Actually when we're talking trees were really talking about DdRT (*D*ouble*d* *R**** *T*echnique) and opposed to DRT which is double rope technique and uses two ropes. You can directly tie in to the branch when using SRT only problem may come later when you try to retrieve the rope from the ground that now tied in. One disadvantage of SRT where the rope goes through a crotch and ties in at the ground level is that the crotch/limb will see twice the amount of load. So your 200# climber will exert 400# of weight on that crotch. Just something that you need to keep in mind.


----------



## kevin bingham (Feb 24, 2010)

SRT has many advantages. One being that you dont have to isolate your line to climb. Lots of different ways to acend. If you do isolate the limb, you can use a running bowline to sevure it to the branch. You can tie this midline so you can retrieve it as well.

If you tie it at the base of the tree, you are putting twice the weight on the crotch but that isnt usually a big deal if your in a good crotch. with Srt I find that I can get a higher crotch because I can back it up. 

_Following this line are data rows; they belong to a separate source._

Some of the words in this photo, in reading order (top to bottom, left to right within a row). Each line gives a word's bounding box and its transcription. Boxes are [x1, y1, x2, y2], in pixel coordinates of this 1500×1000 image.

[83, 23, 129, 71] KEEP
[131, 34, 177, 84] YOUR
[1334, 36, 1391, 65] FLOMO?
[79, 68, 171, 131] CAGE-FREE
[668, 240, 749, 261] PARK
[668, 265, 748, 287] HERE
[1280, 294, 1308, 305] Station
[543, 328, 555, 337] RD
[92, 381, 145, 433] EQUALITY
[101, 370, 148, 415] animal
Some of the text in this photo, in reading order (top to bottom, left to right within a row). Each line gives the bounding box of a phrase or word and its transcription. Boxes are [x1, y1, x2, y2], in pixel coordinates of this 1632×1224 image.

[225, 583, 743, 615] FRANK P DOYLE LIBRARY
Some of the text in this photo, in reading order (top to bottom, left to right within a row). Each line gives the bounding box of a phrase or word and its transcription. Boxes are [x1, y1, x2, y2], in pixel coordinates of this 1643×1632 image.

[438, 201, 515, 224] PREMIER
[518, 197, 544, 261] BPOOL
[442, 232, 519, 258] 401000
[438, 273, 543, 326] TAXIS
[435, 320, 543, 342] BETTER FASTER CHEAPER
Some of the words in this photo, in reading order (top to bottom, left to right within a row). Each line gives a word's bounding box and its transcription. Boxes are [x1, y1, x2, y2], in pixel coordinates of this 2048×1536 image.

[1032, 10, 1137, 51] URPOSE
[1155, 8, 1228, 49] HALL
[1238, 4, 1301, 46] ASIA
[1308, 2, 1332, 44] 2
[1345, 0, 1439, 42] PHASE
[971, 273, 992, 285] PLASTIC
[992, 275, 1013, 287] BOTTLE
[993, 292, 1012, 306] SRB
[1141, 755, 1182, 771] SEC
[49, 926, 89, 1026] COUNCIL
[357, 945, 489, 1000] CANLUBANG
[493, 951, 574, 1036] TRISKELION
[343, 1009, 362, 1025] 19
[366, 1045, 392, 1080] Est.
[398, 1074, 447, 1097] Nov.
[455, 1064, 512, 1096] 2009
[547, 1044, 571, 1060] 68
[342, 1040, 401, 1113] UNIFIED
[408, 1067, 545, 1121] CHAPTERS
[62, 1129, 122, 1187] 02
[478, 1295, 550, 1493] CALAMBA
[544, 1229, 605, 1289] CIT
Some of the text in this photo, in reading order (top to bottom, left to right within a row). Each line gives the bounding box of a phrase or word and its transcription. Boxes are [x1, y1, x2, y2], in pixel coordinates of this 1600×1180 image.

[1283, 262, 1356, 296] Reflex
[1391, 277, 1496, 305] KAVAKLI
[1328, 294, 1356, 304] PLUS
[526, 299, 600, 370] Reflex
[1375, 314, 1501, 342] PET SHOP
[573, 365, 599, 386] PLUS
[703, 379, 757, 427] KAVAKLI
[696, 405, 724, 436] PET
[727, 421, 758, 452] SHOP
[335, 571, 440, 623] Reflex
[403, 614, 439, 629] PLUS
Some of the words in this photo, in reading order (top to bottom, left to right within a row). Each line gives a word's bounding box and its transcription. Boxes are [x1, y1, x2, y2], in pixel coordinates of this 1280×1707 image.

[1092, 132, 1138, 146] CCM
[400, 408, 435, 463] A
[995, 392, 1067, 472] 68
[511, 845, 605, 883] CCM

Many people are working the tree SRT and leaving behind dDRT. SRT is more effecient because you do not have to worry about the effects of friction on your ropes as you move through the tree and through crotches. I rarely use dDRT anymore.

Here is how I started working SRT. I now use a Kong Robot instead of the F8 and revolver.

http://www.youtube.com/watch?v=XyXwrXgN0qw

The unicender is also a tool for SRT work positioning. Some people use a gri-gri or a Cinch.


----------



## tree MDS (Feb 24, 2010)

kevin bingham said:


> SRT has many advantages. One being that you dont have to isolate your line to climb. Lots of different ways to acend. If you do isolate the limb, you can use a running bowline to sevure it to the branch. You can tie this midline so you can retrieve it as well.
> 
> If you tie it at the base of the tree, you are putting twice the weight on the crotch but that isnt usually a big deal if your in a good crotch. with Srt I find that I can get a higher crotch because I can back it up.
> 
> ...



Damn dude! I nominate you for king of new school gadgetry. 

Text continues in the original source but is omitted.